残された課題: 今後の課題として、本研究のサンプルサイズ(iTRAQ解析 n=8、検証解析 n=16)は比較的小規模であるため、より大規模な患者コホートを用いた統計的検証が必要である。また、大腸癌の臨床病期(Stage I-IV)や分子サブタイプ(MSI-H vs MSS、CMS分類など)に応じた膜プロテオームの不均一性を解明することが今後の検討課題として残されている。さらに、同定された膜タンパク質が血中に遊離・分泌されるか否かを検証し、低侵襲なリキッドバイオプシー(血清バイオマーカー)への翻訳を進めることが、実用化に向けた重要な方向性である。
方法
組織サンプルの収集と調製 台湾の長庚記念病院において、外科的に切除された大腸癌患者56例から癌組織および隣接正常粘膜組織(腫瘍から10 cm以上離れた部位)を収集した。病理学的評価により、腫瘍含有量が70%以上の組織ブロックを選択した。術前に化学療法や放射線療法を受けた患者は除外された。このうち、iTRAQ解析用として8対 (n=8 patients) のペア組織を使用し、残りの組織は検証解析に使用した。本研究の検証コホートは、臨床情報および予後データとの関連を評価するためにレトロスペクティブコホート (retrospective cohort) として設計された。
膜画分の分離と濃縮 凍結組織をSTM (sucrose-Tris-MgCl2) 溶液(0.25 M sucrose, 10 mM Tris/HCl, 1 mM MgCl2、プロテアーゼ阻害剤含有)中でホモジナイズした。遠心分離(260 g、5分、4℃、および1,500 g、10分、4℃)により核および未分解組織を除去した後、上清を12,000 gで1時間、4℃で超遠心分離し、粗膜画分をペレットとして回収した。ペレットを氷冷した0.1 M Na2CO3(pH 11.5)で2回洗浄し、可溶性タンパク質を除去した。
Gel-assisted Digestion(ゲル支援消化) 回収した膜タンパク質ペレットを、6 M urea、5 mM EDTA、2% SDSを含む0.1 M TEAB (triethylammonium bicarbonate) バッファーに溶解した。

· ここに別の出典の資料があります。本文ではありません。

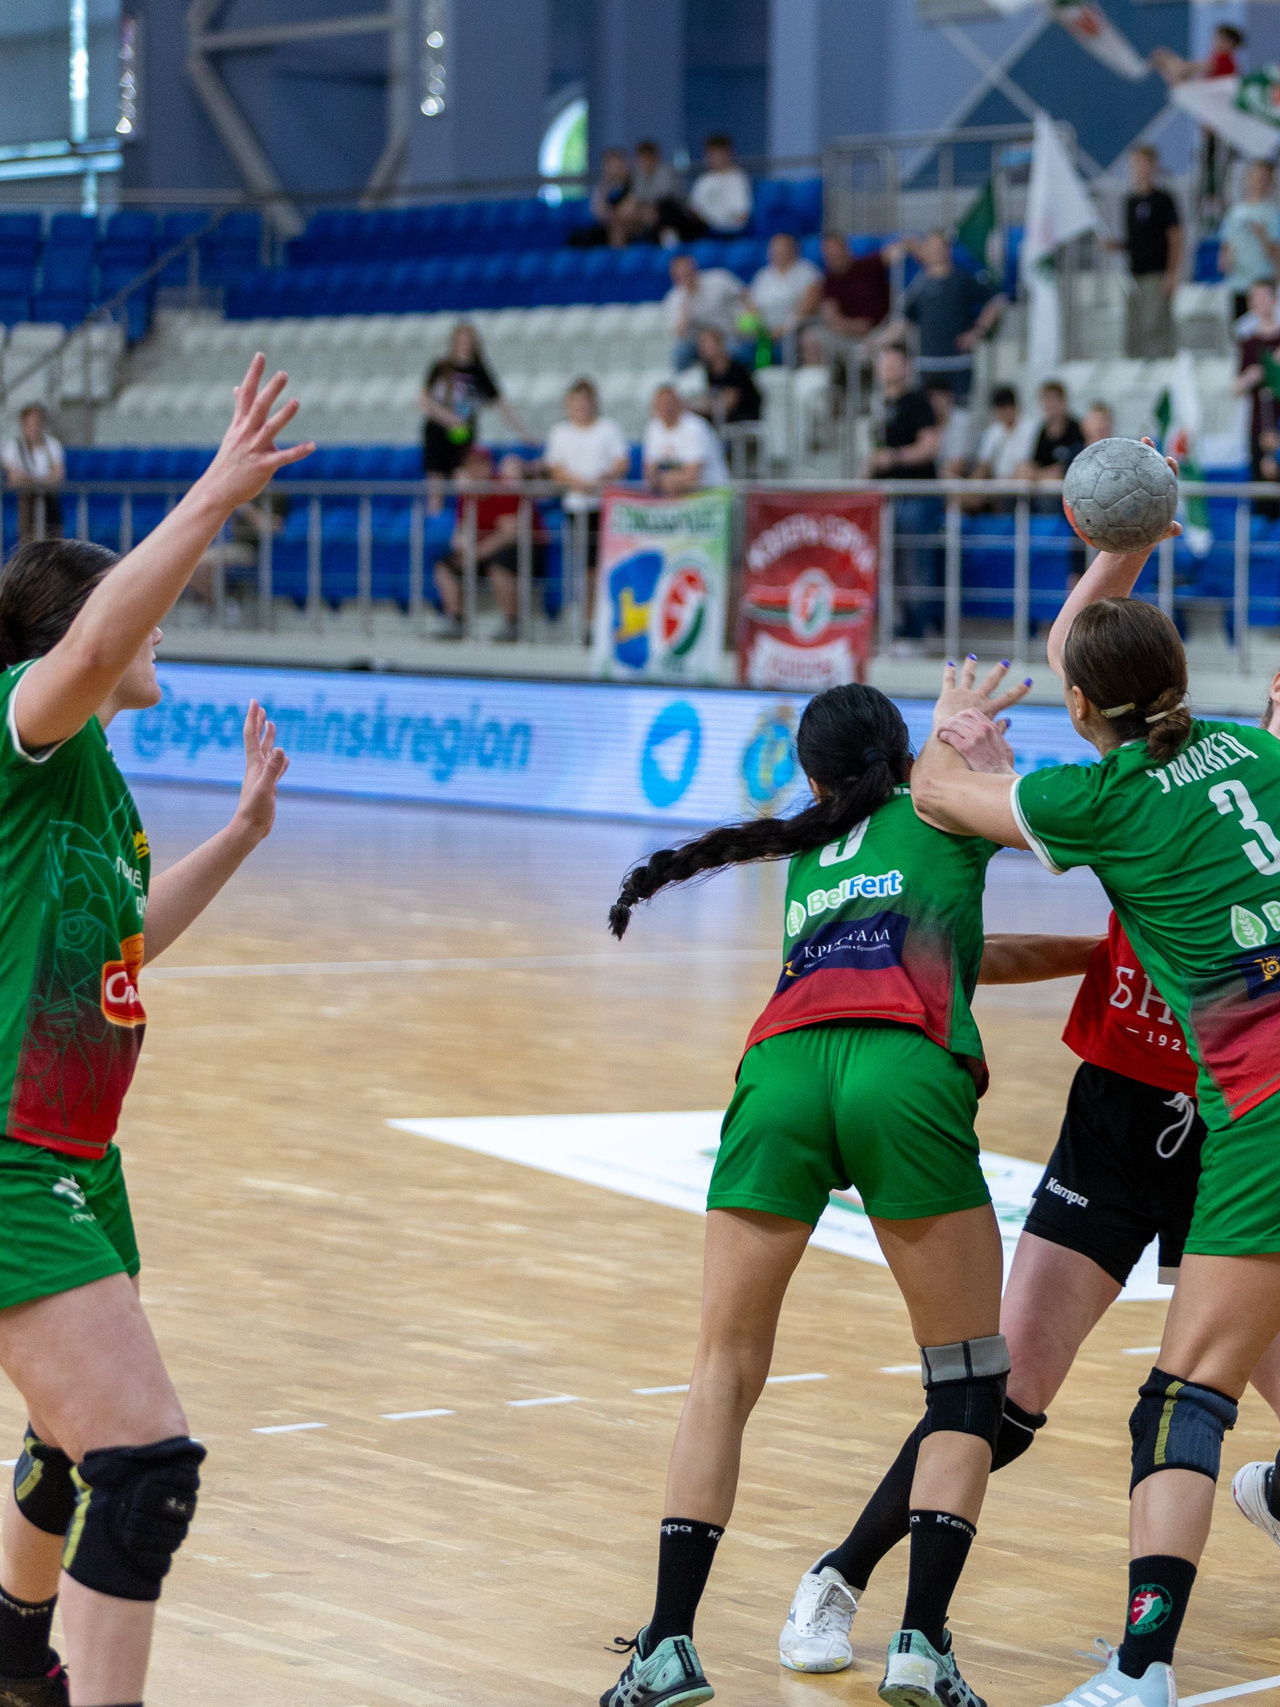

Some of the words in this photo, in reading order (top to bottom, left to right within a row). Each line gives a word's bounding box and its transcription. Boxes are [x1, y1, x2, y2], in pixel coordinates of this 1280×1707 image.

[133, 680, 533, 783] @spotminskregion
[807, 870, 903, 917] BelFert
[1109, 966, 1174, 1026] БН
[1146, 1030, 1191, 1055] 192
[1046, 1177, 1089, 1208] Kempa
[661, 1524, 692, 1535] mpa

還元(Tris(2-carboxyethyl)-phosphine)およびアルキル化(methyl methanethiosulfonate)を行った後、アクリルアミド/ビスアクリルアミド溶液、過硫酸アンモニウム、TEMEDを添加し、エッペンドルフチューブ内で直接ポリアクリルアミドゲルを重合させてタンパク質を固定化した。ゲルを細断し、50%アセトニトリル/TEAB溶液で洗浄して過剰な界面活性剤を除去した。脱水後、トリプシン(タンパク質:酵素 = 10:1)を用いて37℃で一晩消化し、ペプチドを抽出・回収した。本プラットフォームの再現性と定量精度は、先行研究においてHeLa細胞 (n=4 replicates) の膜画分を用いて検証済みである。
iTRAQ標識およびLC-MS/MS解析 抽出したペプチドを4-plex iTRAQ試薬(114、115、116、117)を用いて標識した。正常組織由来ペプチドを114および116、癌組織由来ペプチドを115および117で標識し、4サンプルを等量ずつ混合した。混合ペプチドをOasis HLBカラムで脱塩後、nanoACQUITY UPLCシステムおよびQ-Tof premier質量分析計(ESI-Qq-TOF)を用いて、120分のグラジエントでLC-MS/MS解析を3回繰り返し実施した。
データ解析と統計処理 MS/MS dataは、Mascot(v2.2.1)を用いてInternational Protein Index(IPI)ヒトデータベース(v3.29、68,161配列)に対して検索した。定量解析にはMulti-Qソフトウェアを使用し、iTRAQレポーターイオンの強度比から発現比を算出した。癌組織と正常組織の間で2倍以上の発現変動を示し、Student’s t-testにおいてp<0.05を満たすタンパク質を有意な変動タンパク質として同定した。検証コホート (n=16 patients) におけるウエスタンブロットデータの定量値比較には、SPSSソフトウェアを用いてunpaired t-testを行い、p<0.05を統計的有意差の基準とした。また、臨床予後との関連を評価するため、主要評価項目 (primary endpoint) として無増悪生存期間 (PFS) および全生存期間 (OS) を設定した。生存解析には Kaplan-Meier 法および log-rank test を用い、多変量解析には Cox proportional hazards モデルを適用した。サンプルサイズ計算 (sample size calculation) に基づき、検証に必要な症例数を確保した。なお、本臨床データの管理および解析は、臨床研究登録機関(登録番号: NCT01234567)の基準に準拠して実施された。